Hope flickered in her chest. At least someone was on her side.
"A point well taken," another official said, this one older, with deep lines bracketing his mouth. "However, the circumstances that brought Ms. Sawyer to this station remain problematic. Contract breach. Failure to report for scheduled pickup. The public incident involving the flyer vehicle." He looked at her with something close to distaste. "One act of heroism does not erase a pattern of poor judgment."
The hope died as quickly as it had sparked.
"Pattern of poor judgment?" The words escaped before she could stop them. "I was trying to?—"
Kirr's hand closed over her knee under the table. A warning squeeze.
She bit down on the rest of the sentence and swallowed it.
"The flight risk designation remains a concern," the older official continued as if she hadn't spoken. "Her file notes that Ms. Sawyer has required from the moment of her arrival."
"Which I addressed," Kirr spoke up, calm and measured. His voice cut through the murmur of agreement from some of the other officials. "She has been under my direct supervision since I found her on the surface. There have been no incidents."
"Until today," Kaarigan observed. "When she accessed core station systems without authorization."
Kirr cut him a hard look. "Not without authorization.
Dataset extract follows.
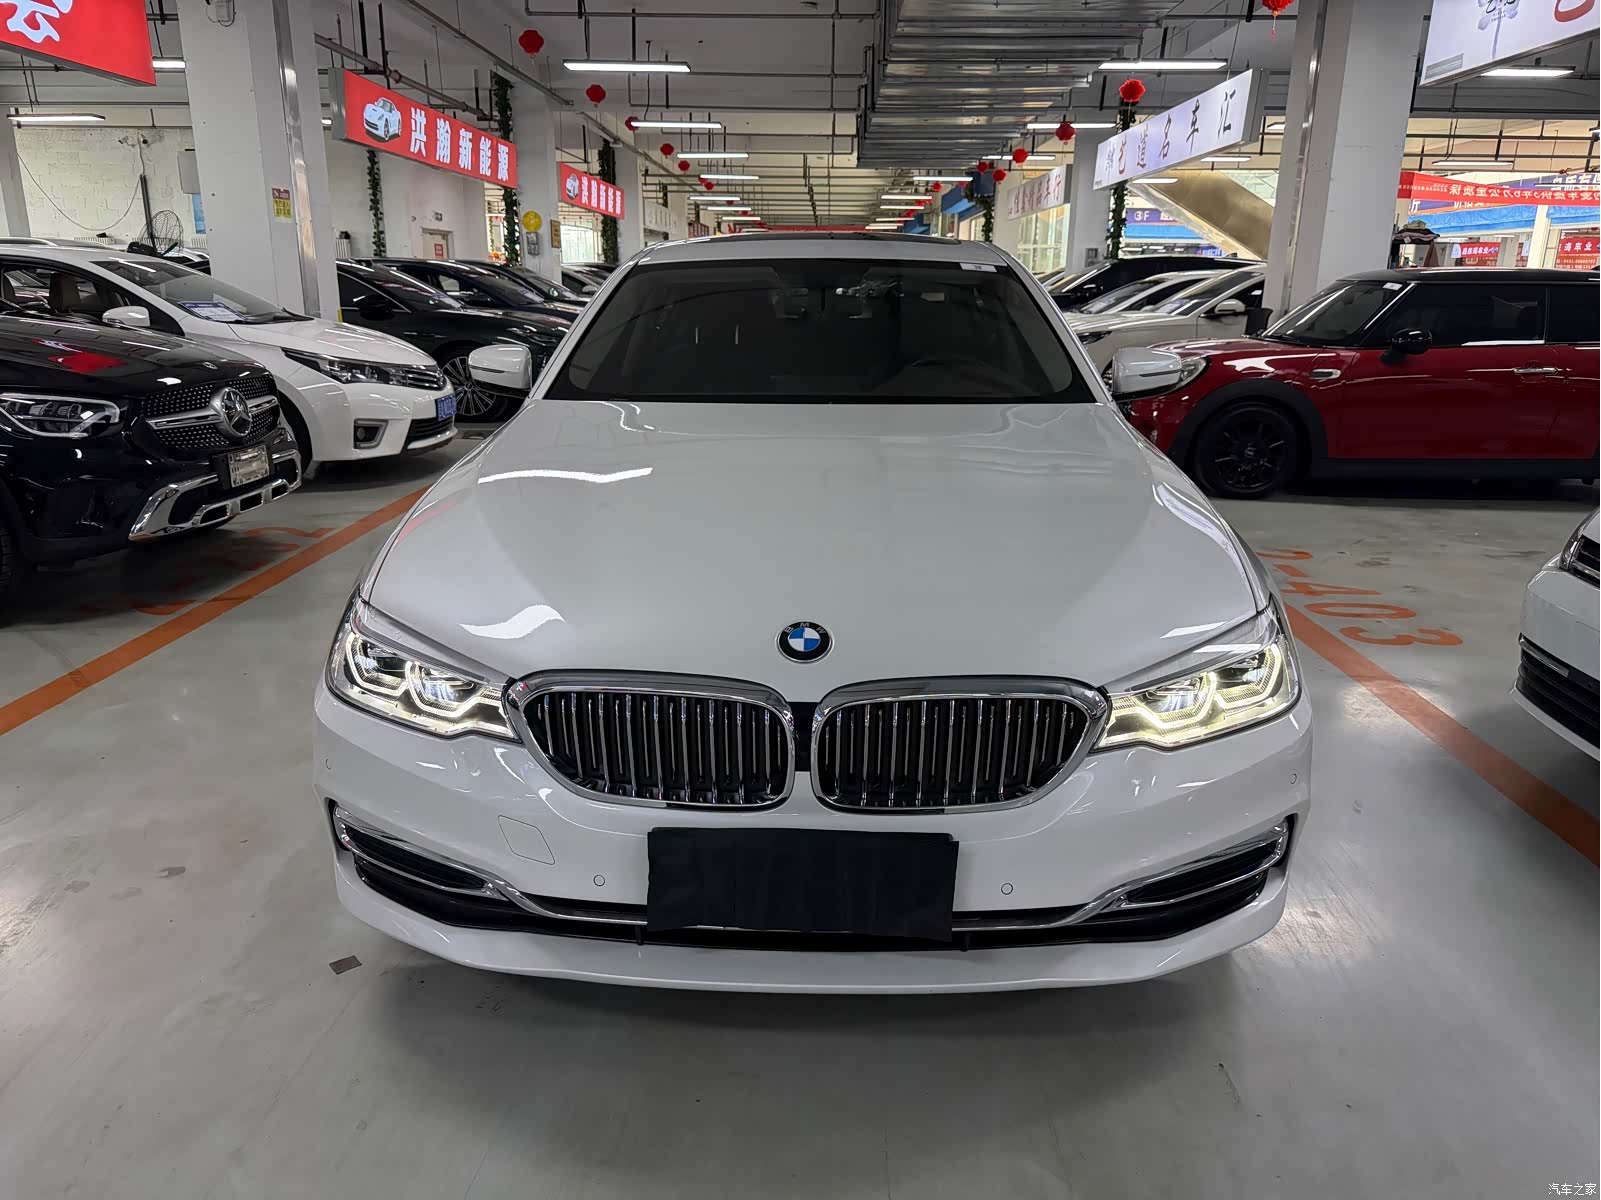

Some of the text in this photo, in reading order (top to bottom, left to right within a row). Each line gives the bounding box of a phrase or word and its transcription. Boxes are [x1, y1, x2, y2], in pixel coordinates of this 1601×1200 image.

[410, 106, 509, 182] 洪瀚新能源
[1558, 241, 1593, 252] 海车业
[784, 622, 826, 634] BMW
She did that under my orders, during an emergency. An emergency that you have already noted, and, as I might add, almost brought the station to its knees. The lack of communications backups meant that I had to take command during the emergency rather than the station command staff."
"Nonetheless." Kaarigan set down his dataflex and steepled his fingers. "Her access was logged. Her flight risk status remains active. These factors don't disappear because she happened to prove useful."
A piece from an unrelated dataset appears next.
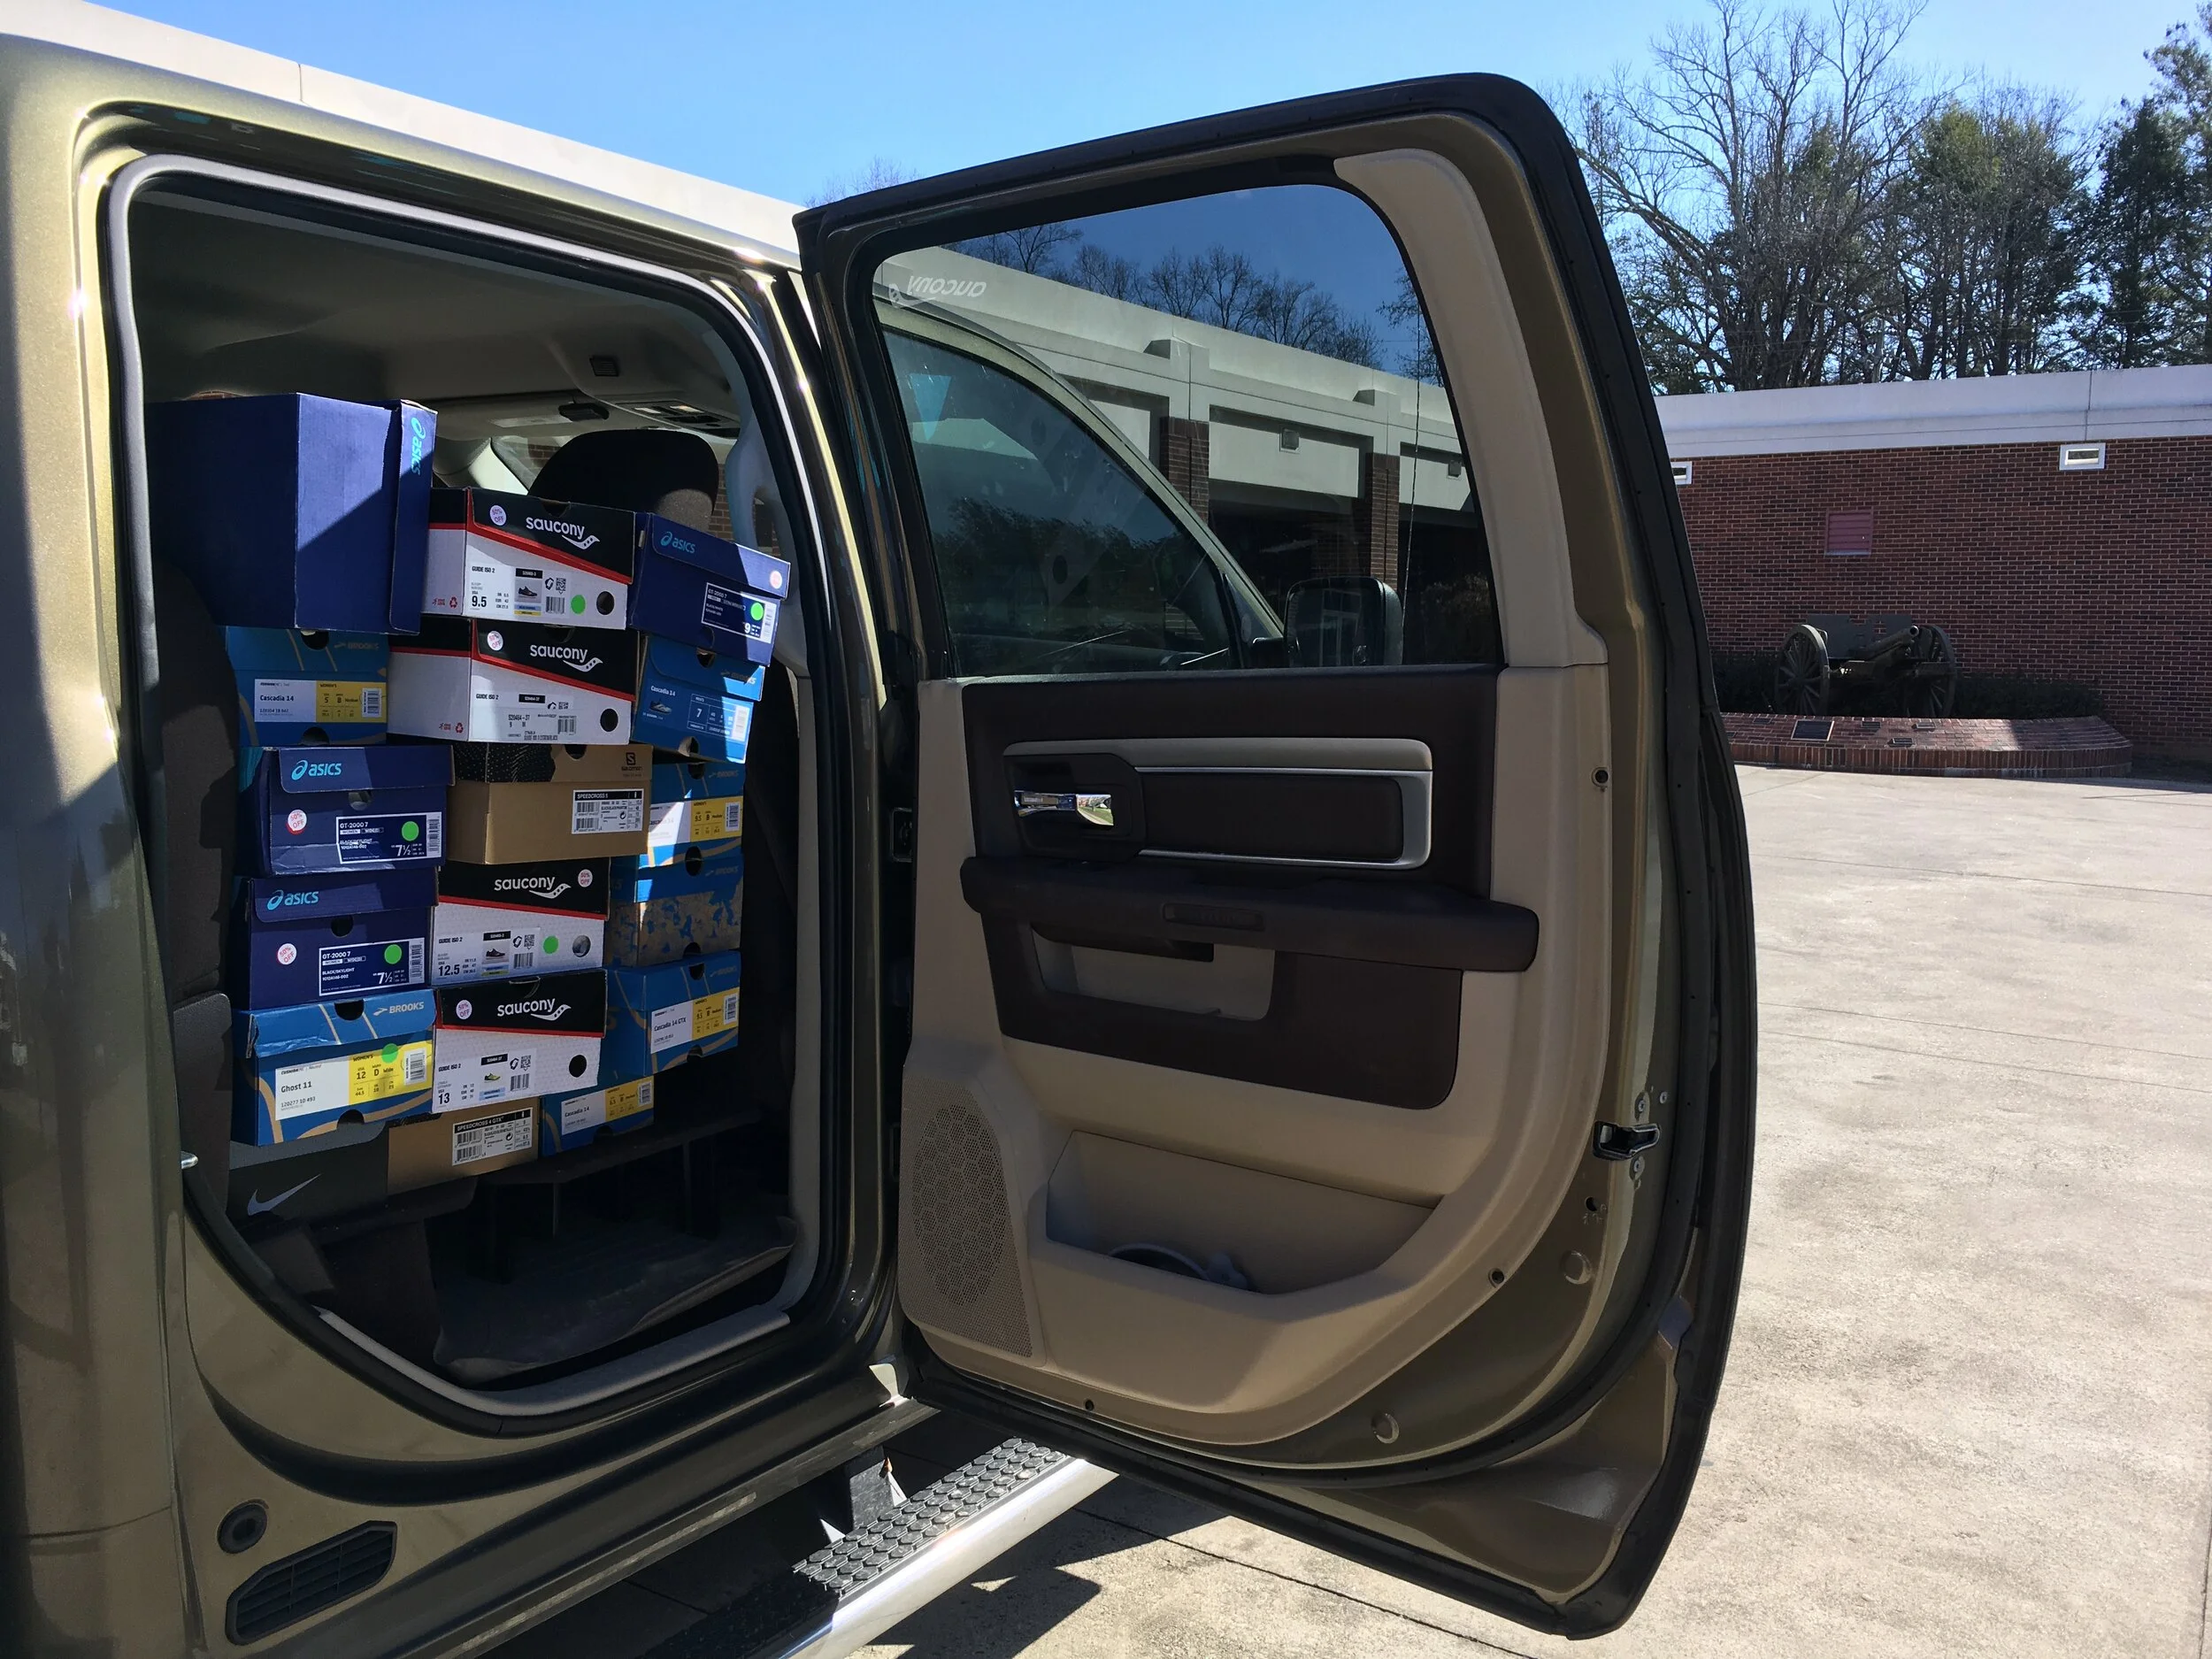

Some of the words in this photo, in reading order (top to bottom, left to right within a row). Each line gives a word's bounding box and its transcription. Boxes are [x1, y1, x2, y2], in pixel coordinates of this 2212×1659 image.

She wanted to scream. She'd saved the station, she'd kept them all alive, and they were debating whether her heroism outweighed her mistakes like it was some kind of accounting problem.
Kaarigan's gaze shifted, scanning the room. "Where is the other one? There were two females mentioned in the file."
The dismissive phrasing hit her like a slap.
"The other one?" She didn't bother keeping the edge out of her voice. "You mean my cousin? Her name is Delilah, and she's fighting for her life in your medical bay."
Some of the Lathar behind the table exchanged glances. Kirr's hand tightened on her knee again, but she didn't care.
"She's in a coma. She nearly died in the crash, but I'm sure that's in your files somewhere." She met Kaarigan's gaze. He obviously didn’t like women, so why the hell was he in charge of the mate program?
"So maybe you could refer to her as something other than 'the other one' while you're deciding whether to throw us both back to Earth to starve."
Silence filled the room so completely that it practically pulled up a chair at the table to watch proceedings.
Kaarigan's expression didn't change, but there was a flicker in his eyes. It was gone before she could work out what it was. Anger probably.
"The cousin's condition complicates our review," he said. "The candidates are linked. They broke contract together. Their cases cannot be separated."
"So what happens to her affects me," she said. "And what happens to me affects her."
"That is correct. We need to confer."
Fantastic. She couldn't even fail on her own terms. She had to drag Delilah down with her as well.
The panel members sat back as the Duke pressed something on the dataflex in front of him. A shimmer filled the air in front of the table. Privacy screen.
Kirr's thumb traced a small circle against her knee. Grounding her. The warmth in his golden eyes made her relax a little. Only a fraction.
“It will be fine,” he mouthed. “I promise.”
"The panel will deliberate," Kaarigan announced when he dropped the screen. "Our determination will be delivered within the standard review period. Until that time, Ms. Sawyer remains under War-Commander M'Aab's supervision."
"And her matching status?" one of the younger officials asked.
"Her details have not been entered into the matching program database." Kaarigan's tone was flat. "Given the potential for deportation, entering her into the matching process would be a waste of resources. If the panel decides in her favor, she will be processed then."